I prayed for relief from the enveloping fear. As I prayed I felt compelled to reach underneath my bed and fetch my Bible. By the light of my cell phone I opened to Psalm 62 and read these words:
"Truly my soul silently waits for God;
From Him comes my salvation.
He only is my rock and my salvation;
He is my defense;
I shall not be greatly moved."
As I read the whole Psalm a peace washed over me. It wasn't instantaneous, but more like having something very heavy slowly lifted off my chest. It was, I believed, good overcoming evil. It was love prevailing. It was true power exercising its might and conquering evil on behalf of a wounded man. My circumstances didn't change. The heat didn't relent, the dark night remained, the voodoo practitioners were still nearby.
What changed was my focus was taken off my circumstances and my fear and on to the God who sent His beloved Son to die for me. Fear takes prisoners. God frees lives.
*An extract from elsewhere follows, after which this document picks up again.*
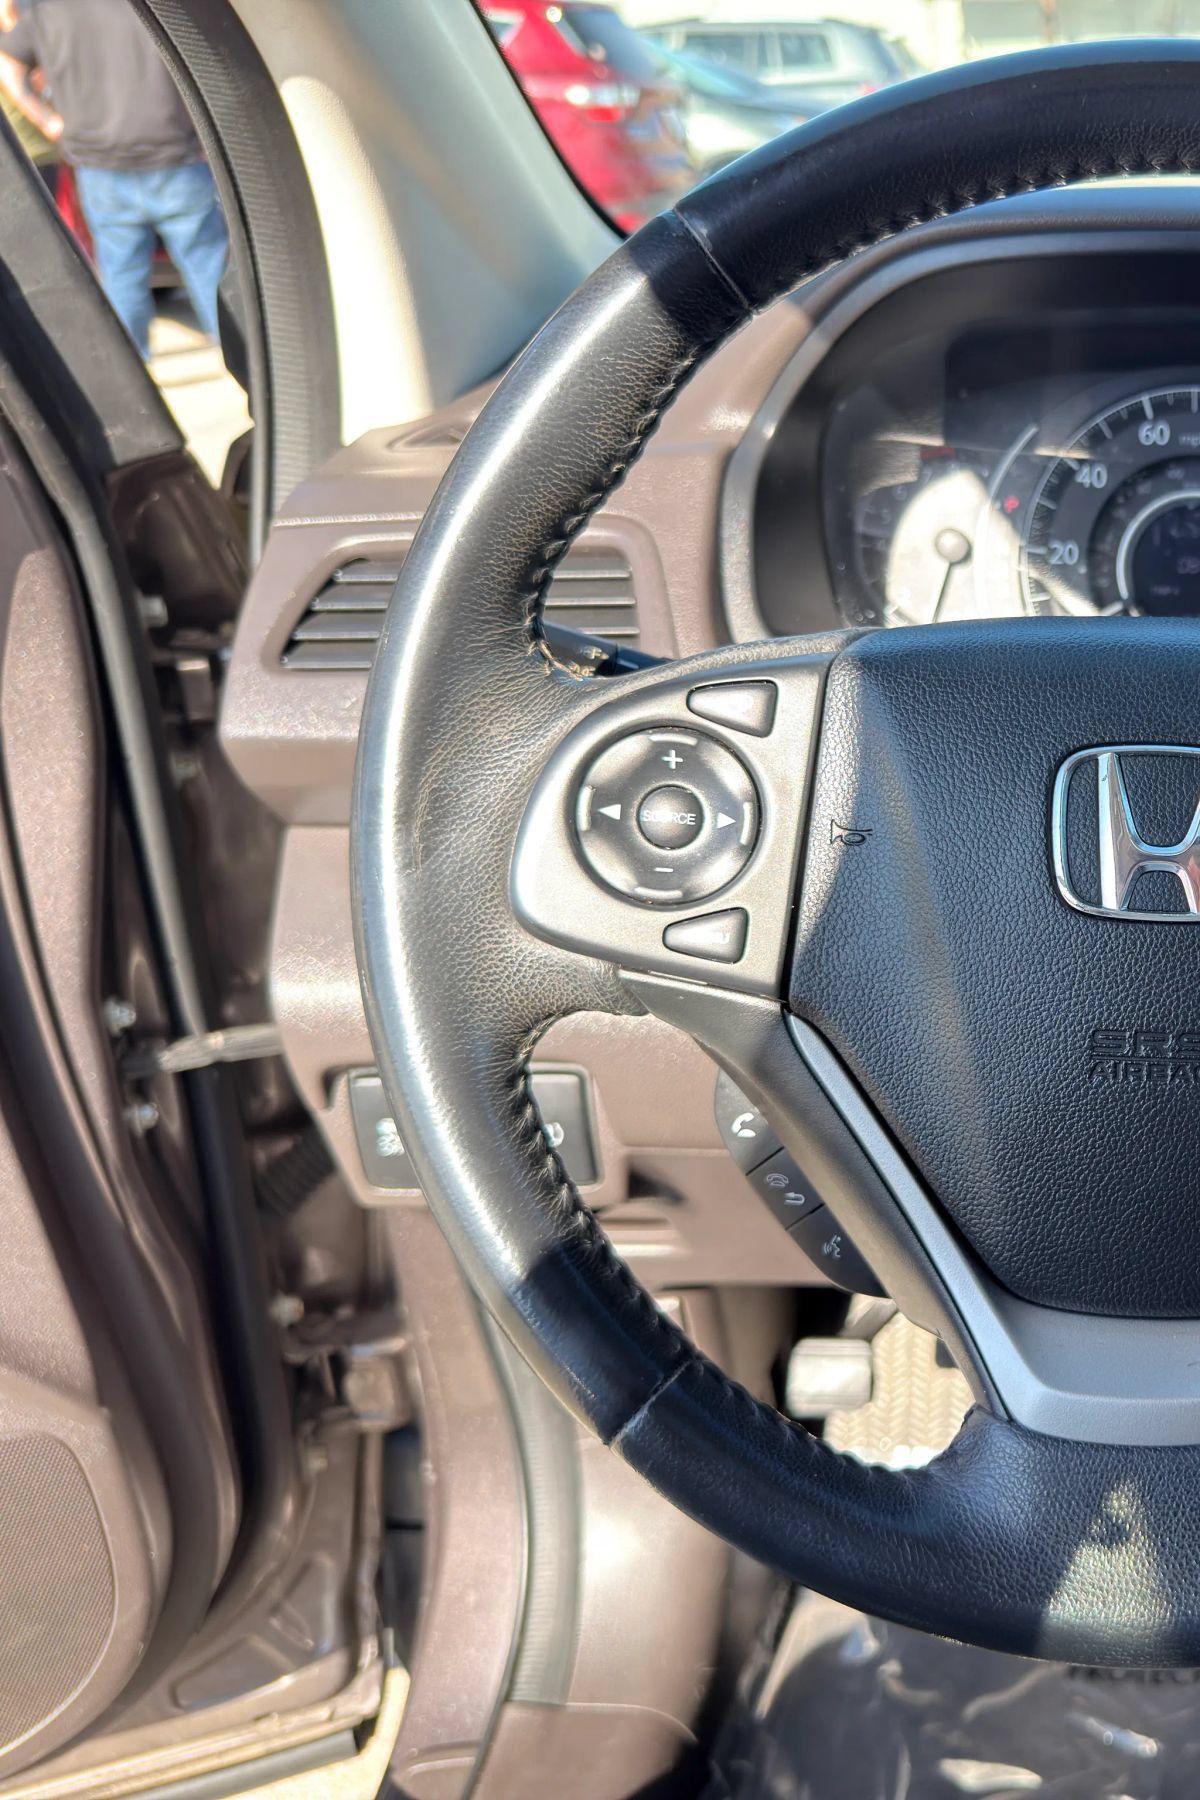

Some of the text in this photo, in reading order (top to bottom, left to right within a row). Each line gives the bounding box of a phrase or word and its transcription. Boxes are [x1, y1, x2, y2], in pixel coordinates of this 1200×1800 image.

God is my shelter and defense fighting on my behalf; I'm never going it alone.
One of my favorite verses in the Bible is John 14:27. In the verse Jesus gives a promise and says simply, "Peace I leave with you, My peace I give to you; not as the world gives do I give to you. Let not your heart be troubled, neither let it be afraid."
I know that peace intimately. I encountered it on a suffocating night on a hill in a Haiti village, where a darkness of profound fear was overcome by the illuminating light of God's overpowering love, spoken to me through words that are as alive to me today as they were to the Psalmist thousands of years ago.